Christina Fontanarosa, K-5

PS 243 Weeksville School

Christina Fontanarosa works at P.S 243 Weeksville School in the historic Weeksville neighborhood. She teaches grades PreK-5. Fontanarosa’s teaching is informed by the Danielson Framework and Laban Method. Her “Teacher’s Heart” is based in radical empathy.

Catherine Gallant, K-5

PS 89

Catherine Gallant has been teaching at PS 89 in Lower Manhattan since 1998 when she created the dance program with an emergent curriculum directly inspired by the DEL model.

Melinda Kasal-Canty

!ACCENT! Dancers

From the day she began teaching, Melinda’s philosophy has always been that dance is an ART and should be available to anyone, no matter who you are, where you are from, nor your age, because that is how she began her dance experience.  If she wasn’t accepted by her first dance instructor at the age of 16, and nurtured, she wouldn’t be who she is today.  Melinda’s “Teacher’s Heart” includes Communication, Patience, Humor, Generosity, Respect, Family, Passion, Love, and Tenaciousness.

Andrew Jannetti, K-2

PS 79 Francis Lewis Elementary School

Mr. Jannetti sees dance as essential to the growth of a student’s search for authenticity and individual expression of ‘self.’ He believes in working with the level, ability, and natural instincts of each student and then moving them toward an increased self-awareness, higher level of cognition, overall physical well-being, and positive social interactions.

Susan Gaddy Pope

Montclair State University

Susan is a retired elementary school dance educator with over 30 years of experience in K-12 schools in Newark, NJ, and the New York City Department of Education. As an adjunct professor and coordinator of the BA program at Montclair State University, Susan works with BFA and BA students, helping them create creative movement lessons for children. Susan has a teacher’s heart and believes all teaching spaces should be filled with love, joy, and embodiment.

Felice Santorelli, 7-12

Pioneer Valley Performing Arts Charter School

As a dance educator, Felice places great value on creative experiences linked to improvisation and choreography and the development of young artists and their unique voices and perspectives. She aims to offer learning opportunities through various creative processes that allow students to see themselves as members of the dance community and to see the value of making art based on their own lived experiences.

Pam Vlach

Spence

Pam Vlach is the lower school (K-4) dance specialist at Spence, an independent school in Manhattan. Pam’s students have attended performing arts high schools, performed on Broadway in shows like Matilda, Lion King and Billy Elliot, and danced with the Radio City Rockettes. Pam is an advocate for student voice and believes in providing opportunities for students to express themselves creatively while attaining collaborative life skills.

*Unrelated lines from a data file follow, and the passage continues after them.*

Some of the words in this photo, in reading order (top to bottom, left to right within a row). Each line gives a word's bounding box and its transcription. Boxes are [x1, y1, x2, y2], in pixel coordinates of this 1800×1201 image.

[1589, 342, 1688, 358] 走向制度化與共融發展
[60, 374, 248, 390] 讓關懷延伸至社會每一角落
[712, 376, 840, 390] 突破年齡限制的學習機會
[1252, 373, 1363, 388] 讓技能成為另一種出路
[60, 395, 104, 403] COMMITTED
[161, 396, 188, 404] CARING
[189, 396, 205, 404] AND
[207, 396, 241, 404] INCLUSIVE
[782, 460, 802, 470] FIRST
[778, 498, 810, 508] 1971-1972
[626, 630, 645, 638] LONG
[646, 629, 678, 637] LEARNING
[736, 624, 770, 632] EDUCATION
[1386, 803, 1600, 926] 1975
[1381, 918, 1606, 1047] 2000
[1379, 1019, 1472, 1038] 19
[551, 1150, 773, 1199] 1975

Arnhold wants to put a certified dance teacher in every public school, and she emphasizes that dance education must start when children are young in order for it to properly take root. It’s an ambitious goal, to be sure. But for Arnhold, the value is multidimensional—she sees it as fundamental not only to children’s development and learning but to the survival of the dance field as a whole.